This seems to be the hallmark of contemporary extremist configurations: a symbiosis between politics, populism, segregative hatred, and platformization. As Cesarino points out, the “digital architecture of social media, as it has been configured according to the business models of the major corporations in the sector” (2019, 115), directly shapes the production of political-identity subjectivities and influences individuals’ political choices. It does so through the assimilation and circulation of discontent and resentment, giving rise to a form of “digital populism.”6

In this sense, it is necessary to move beyond interpretations that attribute the dissonances of the present moment solely political polarization. Rather, what we face is a complex process marked both by digital populisms and by new fascist experiences. Among the approaches that analyze the current configuration through readings of fascism, it is important to emphasize that this phenomenon should not be reduced to its classical historical form—that is, to the authoritarian or totalitarian regimes of the early twentieth century. From the perspective of Gilles Deleuze and Félix Guattari ([1972] 2011; [1980] 2005), fascism constitutes a form of life, a constitutive trait of capitalist liberal democracies. It is a socially produced desire, generated through the exploitation of affects that arise from the conflicts inherent to these ways of life, and may manifest with greater or lesser intensity, producing effects in the political-governmental field (from the micropolitical to the macropolitical level7). Notably, neoliberal society provides fertile ground for the intensification of fascism (Hinkelammert 2018; Lazzarato 2019).

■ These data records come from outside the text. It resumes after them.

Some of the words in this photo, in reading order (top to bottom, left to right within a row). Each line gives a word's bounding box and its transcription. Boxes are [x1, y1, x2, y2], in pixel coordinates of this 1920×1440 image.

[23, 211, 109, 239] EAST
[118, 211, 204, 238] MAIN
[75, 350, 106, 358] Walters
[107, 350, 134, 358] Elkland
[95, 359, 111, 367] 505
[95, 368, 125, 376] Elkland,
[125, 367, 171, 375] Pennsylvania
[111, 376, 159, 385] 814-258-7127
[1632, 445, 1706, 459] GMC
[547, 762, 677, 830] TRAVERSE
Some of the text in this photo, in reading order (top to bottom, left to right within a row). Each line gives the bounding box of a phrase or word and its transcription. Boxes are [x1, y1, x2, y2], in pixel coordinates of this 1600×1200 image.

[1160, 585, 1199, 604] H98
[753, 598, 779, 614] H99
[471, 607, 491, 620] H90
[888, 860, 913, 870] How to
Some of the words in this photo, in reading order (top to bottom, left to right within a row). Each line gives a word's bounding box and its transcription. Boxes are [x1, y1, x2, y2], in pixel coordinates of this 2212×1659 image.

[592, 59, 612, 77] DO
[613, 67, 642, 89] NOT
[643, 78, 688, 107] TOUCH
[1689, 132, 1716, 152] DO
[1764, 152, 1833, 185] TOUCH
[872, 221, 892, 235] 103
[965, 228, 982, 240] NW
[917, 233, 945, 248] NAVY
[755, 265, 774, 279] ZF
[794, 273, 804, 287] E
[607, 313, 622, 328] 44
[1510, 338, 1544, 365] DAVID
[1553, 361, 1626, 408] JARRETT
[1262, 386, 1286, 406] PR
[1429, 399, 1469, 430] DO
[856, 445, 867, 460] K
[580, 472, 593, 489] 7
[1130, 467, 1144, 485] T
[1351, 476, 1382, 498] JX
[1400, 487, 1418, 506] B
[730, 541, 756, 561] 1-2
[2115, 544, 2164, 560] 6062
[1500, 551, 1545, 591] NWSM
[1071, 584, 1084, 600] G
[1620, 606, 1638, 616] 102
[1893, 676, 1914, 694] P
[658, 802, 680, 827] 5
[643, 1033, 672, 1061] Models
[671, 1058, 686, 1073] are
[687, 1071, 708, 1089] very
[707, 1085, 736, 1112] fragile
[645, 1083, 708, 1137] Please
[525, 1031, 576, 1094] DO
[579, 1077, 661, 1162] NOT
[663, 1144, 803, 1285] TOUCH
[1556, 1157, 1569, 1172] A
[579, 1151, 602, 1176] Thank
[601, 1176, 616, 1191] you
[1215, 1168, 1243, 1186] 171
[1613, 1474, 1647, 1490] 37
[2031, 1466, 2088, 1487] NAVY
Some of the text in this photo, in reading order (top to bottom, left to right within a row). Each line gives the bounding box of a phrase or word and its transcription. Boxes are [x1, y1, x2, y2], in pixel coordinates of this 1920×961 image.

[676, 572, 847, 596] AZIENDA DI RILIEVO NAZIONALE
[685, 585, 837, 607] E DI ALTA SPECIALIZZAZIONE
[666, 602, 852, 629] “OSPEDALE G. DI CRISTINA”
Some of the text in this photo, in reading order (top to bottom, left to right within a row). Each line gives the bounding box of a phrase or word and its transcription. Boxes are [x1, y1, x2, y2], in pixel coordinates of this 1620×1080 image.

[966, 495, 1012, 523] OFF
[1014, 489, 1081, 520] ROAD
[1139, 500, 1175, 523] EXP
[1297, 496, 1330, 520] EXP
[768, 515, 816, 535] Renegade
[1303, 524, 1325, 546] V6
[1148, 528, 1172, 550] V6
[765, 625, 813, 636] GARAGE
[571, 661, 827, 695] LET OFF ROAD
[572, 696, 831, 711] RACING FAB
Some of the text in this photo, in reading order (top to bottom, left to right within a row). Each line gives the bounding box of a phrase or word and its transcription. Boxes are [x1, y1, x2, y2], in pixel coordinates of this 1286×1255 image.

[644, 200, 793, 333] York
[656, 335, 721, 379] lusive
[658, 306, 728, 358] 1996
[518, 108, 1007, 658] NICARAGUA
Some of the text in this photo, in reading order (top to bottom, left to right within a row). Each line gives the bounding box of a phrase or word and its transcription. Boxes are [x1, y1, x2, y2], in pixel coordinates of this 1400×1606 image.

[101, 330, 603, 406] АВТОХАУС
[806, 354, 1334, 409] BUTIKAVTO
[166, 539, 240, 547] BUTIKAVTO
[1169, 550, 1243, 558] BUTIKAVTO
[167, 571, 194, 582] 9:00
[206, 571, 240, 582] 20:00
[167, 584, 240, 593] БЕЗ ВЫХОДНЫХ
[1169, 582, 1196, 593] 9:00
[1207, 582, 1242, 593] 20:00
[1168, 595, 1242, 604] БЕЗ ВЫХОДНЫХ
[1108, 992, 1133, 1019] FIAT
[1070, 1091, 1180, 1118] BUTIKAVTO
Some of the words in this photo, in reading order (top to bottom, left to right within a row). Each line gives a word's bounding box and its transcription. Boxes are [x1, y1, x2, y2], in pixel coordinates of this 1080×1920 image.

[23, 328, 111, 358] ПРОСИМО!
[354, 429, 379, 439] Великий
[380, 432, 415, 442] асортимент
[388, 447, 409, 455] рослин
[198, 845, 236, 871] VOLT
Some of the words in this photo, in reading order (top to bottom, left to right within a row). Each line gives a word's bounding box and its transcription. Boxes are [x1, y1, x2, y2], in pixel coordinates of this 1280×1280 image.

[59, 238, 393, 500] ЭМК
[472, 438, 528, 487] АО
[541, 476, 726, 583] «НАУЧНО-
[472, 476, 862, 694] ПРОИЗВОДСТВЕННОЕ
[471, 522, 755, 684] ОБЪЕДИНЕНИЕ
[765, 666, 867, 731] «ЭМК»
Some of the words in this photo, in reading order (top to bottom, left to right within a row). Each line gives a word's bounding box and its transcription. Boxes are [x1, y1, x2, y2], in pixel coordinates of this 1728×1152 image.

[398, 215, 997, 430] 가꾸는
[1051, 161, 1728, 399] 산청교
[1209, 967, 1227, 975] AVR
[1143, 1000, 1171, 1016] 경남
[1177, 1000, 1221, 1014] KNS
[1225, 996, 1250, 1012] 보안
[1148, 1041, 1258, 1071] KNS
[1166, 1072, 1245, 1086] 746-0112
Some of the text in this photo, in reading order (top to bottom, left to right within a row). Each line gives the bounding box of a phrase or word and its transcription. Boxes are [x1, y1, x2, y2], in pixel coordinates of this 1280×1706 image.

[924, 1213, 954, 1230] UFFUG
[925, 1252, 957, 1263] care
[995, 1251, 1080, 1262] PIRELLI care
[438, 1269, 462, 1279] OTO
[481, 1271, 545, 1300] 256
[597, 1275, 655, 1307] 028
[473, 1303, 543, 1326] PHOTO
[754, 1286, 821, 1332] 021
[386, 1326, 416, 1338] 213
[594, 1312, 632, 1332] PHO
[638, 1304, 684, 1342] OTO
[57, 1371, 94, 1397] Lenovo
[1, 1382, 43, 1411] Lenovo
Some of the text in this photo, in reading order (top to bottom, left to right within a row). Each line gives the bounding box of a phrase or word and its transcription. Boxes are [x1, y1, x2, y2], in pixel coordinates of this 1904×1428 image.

Despite the specificities of the current conjuncture, what is truly new in this approach is that the desire for fascism (materialized in racist, xenophobic, sexist, and other anti-democratic manifestations and actions) has been mobilized and intensified by a type of propaganda immensely more efficient than that employed in the first half of the twentieth century (Lazzarato 2019). In today’s configuration, this desire is produced and sustained by algorithmic technologies of big data processing. These technologies enable the targeted dissemination of content to specific audiences and also operate through psychological modulation. This modulation is constantly reinforced by engagement mechanisms—a resource that has gone beyond manipulation, the technique once used by earlier communication media to shape subjectivities (Cassino 2018; Donovan et al. 2019). In relation to the object of this article, and from this perspective, Lazzarato’s argument is corroborated when he states that “the new fascism is a cyberfascism” (2019, 4).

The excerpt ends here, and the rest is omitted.